Trewstar Corporate Board Services

Scary vs Useful

January 19, 2024

       

Dear Friends of Trewstar:


 
Wired Magazine published three articles last week:

Get Ready for the Great AI Disappointment

CES 2024 Preview: Get Ready for a ‘Tsunami’ of AI

AI Needs to Be Both Trusted and Trustworthy

 

My conclusion? No one really knows what's going to happen as AI capabilities advance. But since something is definitely going to happen, I want to stay current. Here are the three things I'm doing right now:

  • Reading (actually listening to) Dr. Fei-Fei Li’s memoir The Worlds I See: Curiosity, Exploration, and Discovery At The Dawn of AI. Born in China, she arrived in New Jersey at 15 without enough English to do word problems in math class. Dr. Li’s fascinating story is deepening my understanding of AI amid all the noise.  

  • Taking a course offered by Coursera called Prompt Engineering for ChatGPT. In fact, I’ve asked the entire Trewstar team to complete it. (We recommend listening to the lectures at 1.5x speed!)  
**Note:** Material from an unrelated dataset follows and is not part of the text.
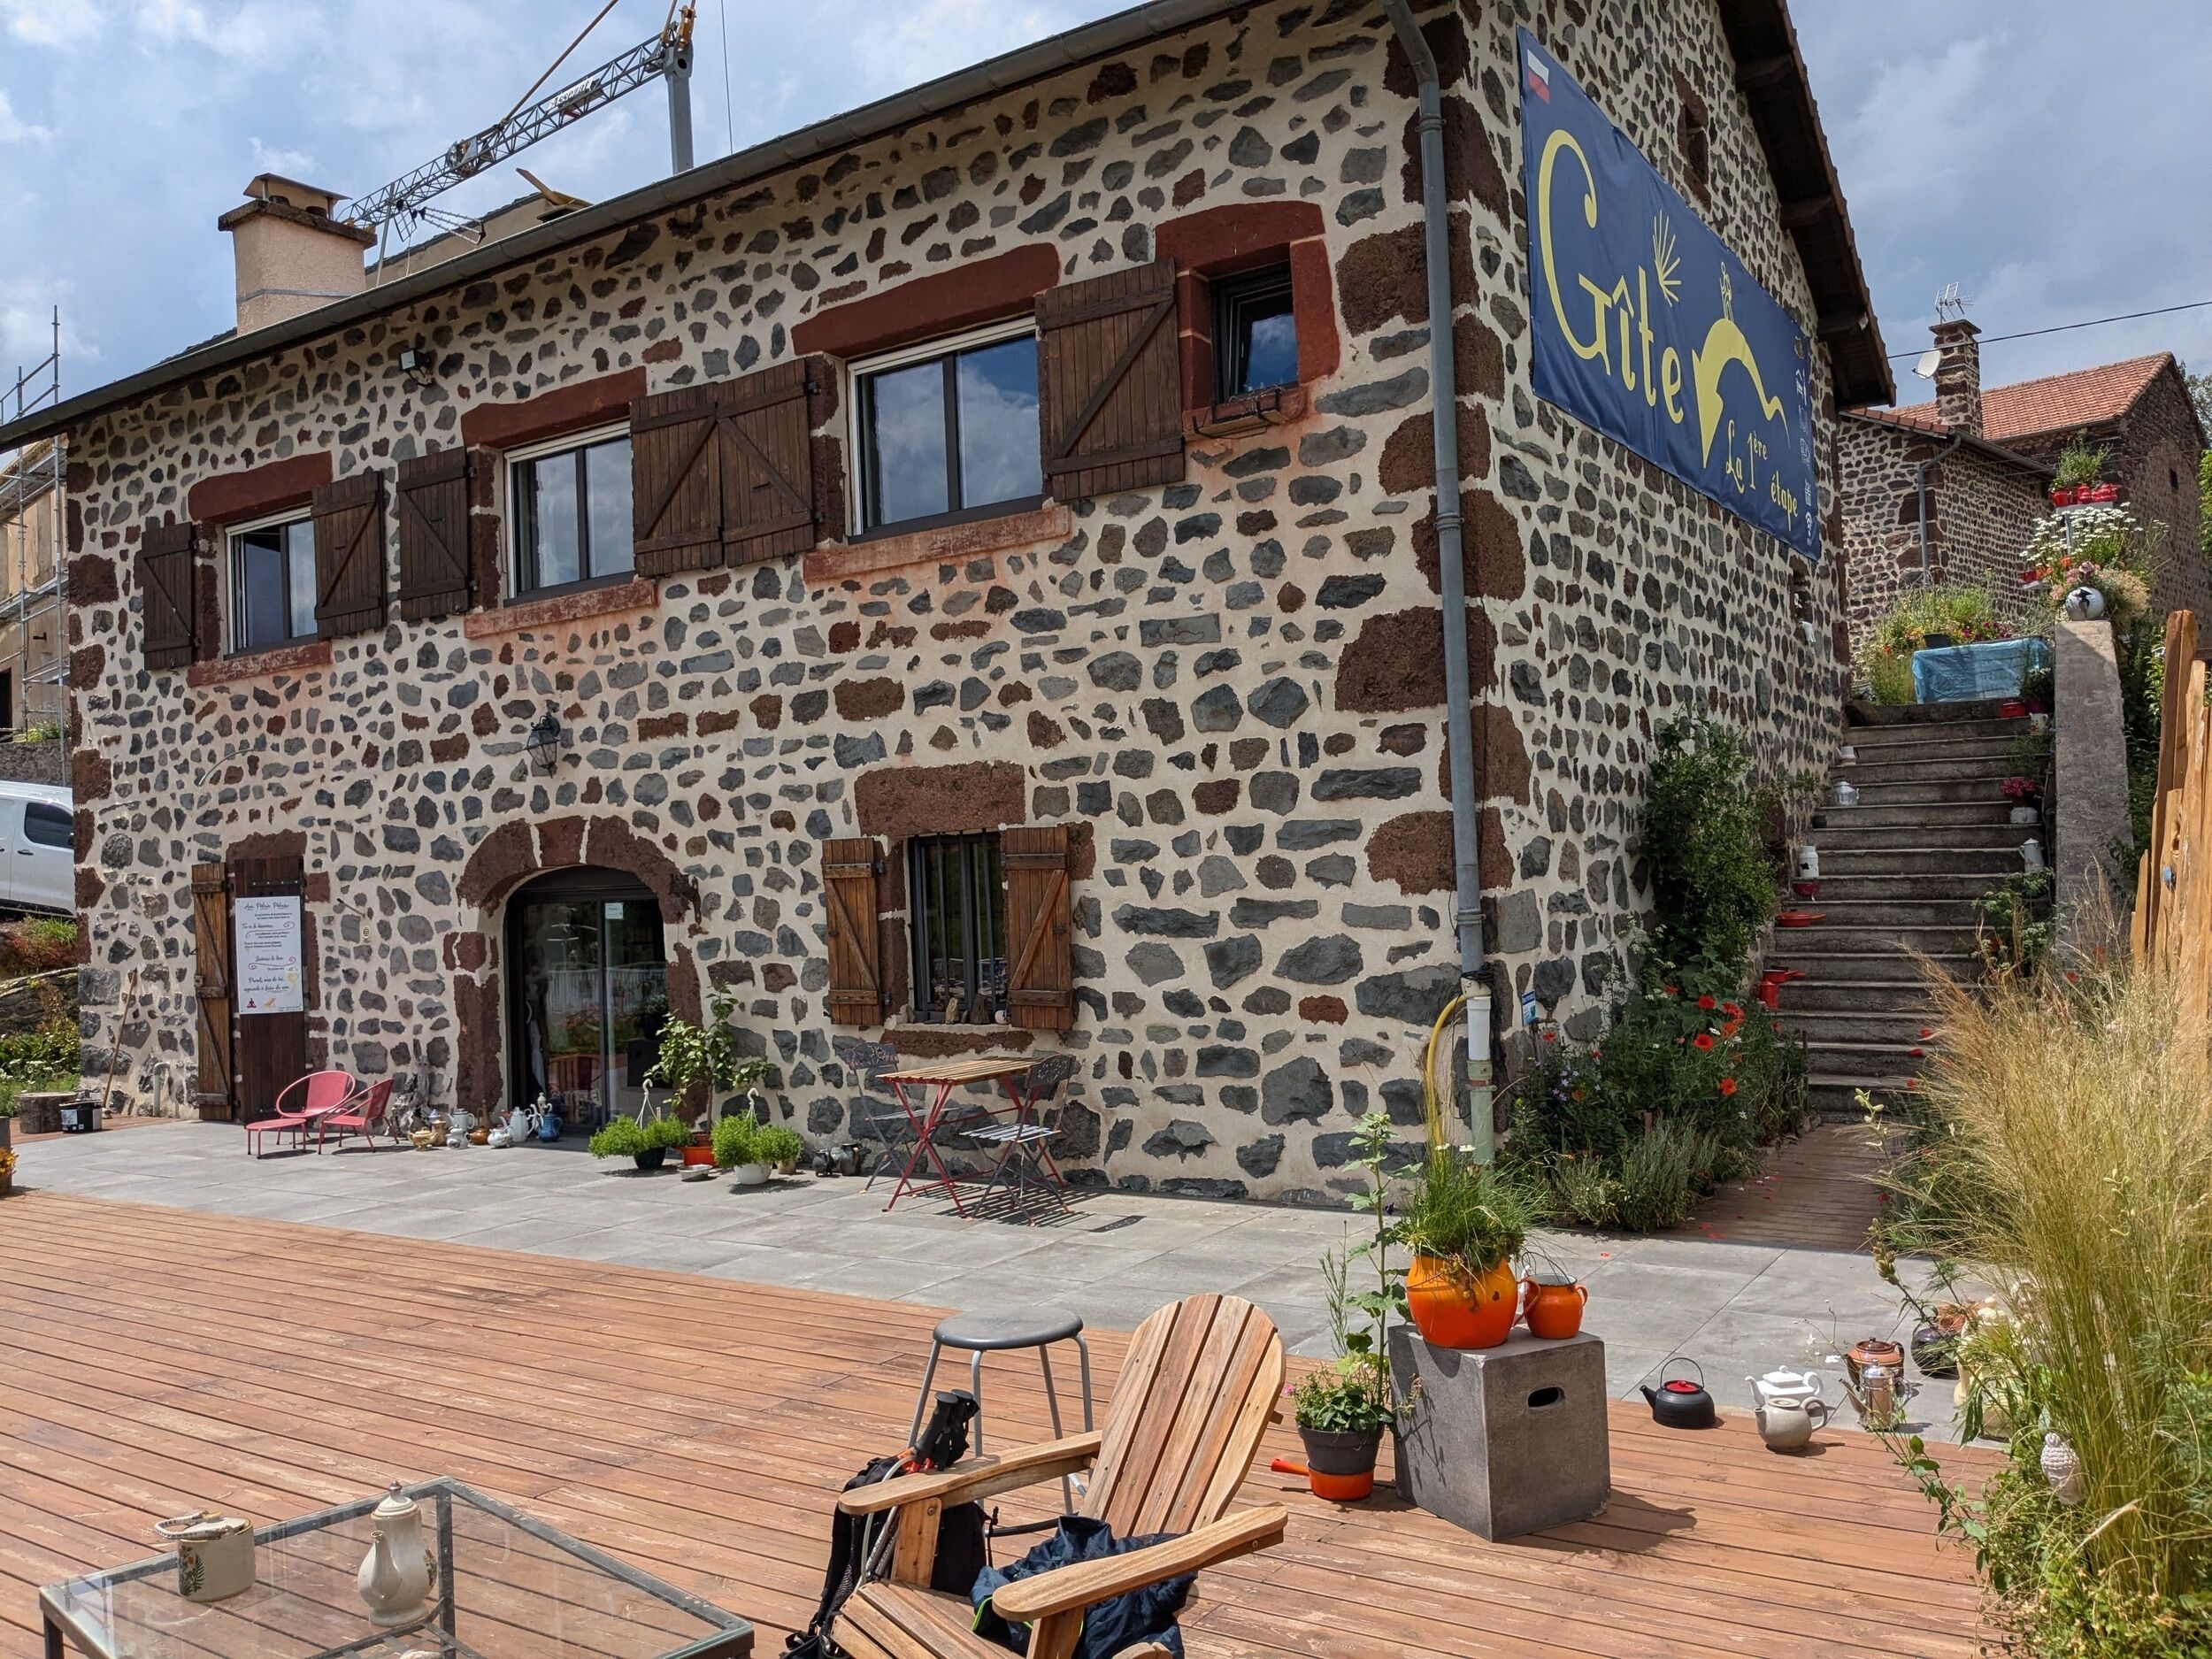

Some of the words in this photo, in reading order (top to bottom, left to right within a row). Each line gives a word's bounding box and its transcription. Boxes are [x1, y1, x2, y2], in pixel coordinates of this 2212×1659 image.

[1538, 129, 1684, 424] Gîte
[1726, 419, 1745, 494] La
[1770, 471, 1798, 531] étape
  • Learning from my good friend, board member, and investor in AI companies, Heather Redman. I asked Heather to be a virtual guest speaker today. Here is our Q&A.

 

Beth: AI is regularly described as both very scary and very useful. Which way do you see the scales tipping? 

 
Heather: I see the scales tipping towards useful. The technology is moving rapidly into the hands of engineers and product developers, which means it is getting steadily more helpful to corporations. We see empirical evidence of this in studies (BCG has done several) showing efficiency in coding and other knowledge worker tasks. We are also seeing the early cost saving benefits due to AI in the form of layoffs, for example, in Google’s ads sales division and Duolingo’s termination of contractors who generate content.
 
Even as predictions are pulled forward for when the first artificial general intelligence (advanced AI capable of performing intellectual functions as well or better than humans) will be achieved, both AI experts and the general public have become less alarmist about its hypothetical existential threat to humanity. Some of this is probably due to habituation to the concept of AI as well as fledgling regulatory efforts to limit bias, increase transparency, and protect national competitiveness and security (including cyber security.)
 
Beth: What are examples of useful corporate applications of AI that are being implemented well and improving existing processes?
 
The canonical example is computer coding, where productivity has been increased by some 40% in a variety of enterprises. Corporate departments such as customer support, marketing (particularly the production of content), finance, and research are all starting to benefit from early-stage AI augmentation. Full automation will follow in some cases, but dramatically increased productivity is the real story. A kind of AI called reinforcement learning (reward-driven trial-and-error learning in a dynamic environment) is being used to autonomously operate energy-intensive facilities such as data centers to lower energy usage. Another form of AI, namely computer vision, is being used to replace manual counting of certain types of inventories, supplemented by human supervision for now.
 
Beth: What are examples of corporate applications that are not working well? Why not?
 
Heather: The failures in AI occur primarily for two reasons: data and culture.
 
Job one for companies thinking about AI enablement is collecting all relevant data onto a unified platform. This is sometimes referred to as a data lake. For industrial companies, this means building on top of smart manufacturing capabilities like continuous monitoring via sensors. The addition of AI enables manufacturers to use historical data to train and then ongoing data to continually retrain. Historical and ongoing data can also be used to change how something is done. A good example is how Siemens uses AI to both catch more product defects and continually improve how they are screening for defects.
 
You can also fail on culture. If your workforce sees AI as a threat, your implementation is likely doomed. A friend calls this the quinoa-in-the-robot problem, named after a salad bowl startup that failed because human workers sabotaged their robot colleagues’ ability to make salads by – you guessed it – stuffing them with quinoa. Educating and incentivizing workers to embrace AI’s ability to lighten their workload is paramount. But far from easy because the threat to human jobs is real. Managing these issues has elevated the role of HR to even greater heights.
 
Real gains are already being made through the application of AI, but the race to fully capitalize on its promise is still in the early innings. Sharing the right data in the right ways is already hard. Taking the actions your AI recommends is even harder because AI, properly implemented, should not be constrained by organizational boundaries, and humans often are. Companies able to act on the right AI-generated insights across their divisional silos are likely to be the big winners.
 
Beth: Thank you, Heather! I can see why your boards value your expertise as they build their AI roadmaps. Something tells me that when they write case studies about the first truly AI-enabled organizations, your name will be in them!



As always, we look forward to your thoughts on this topic, including AI stories from your companies and boards.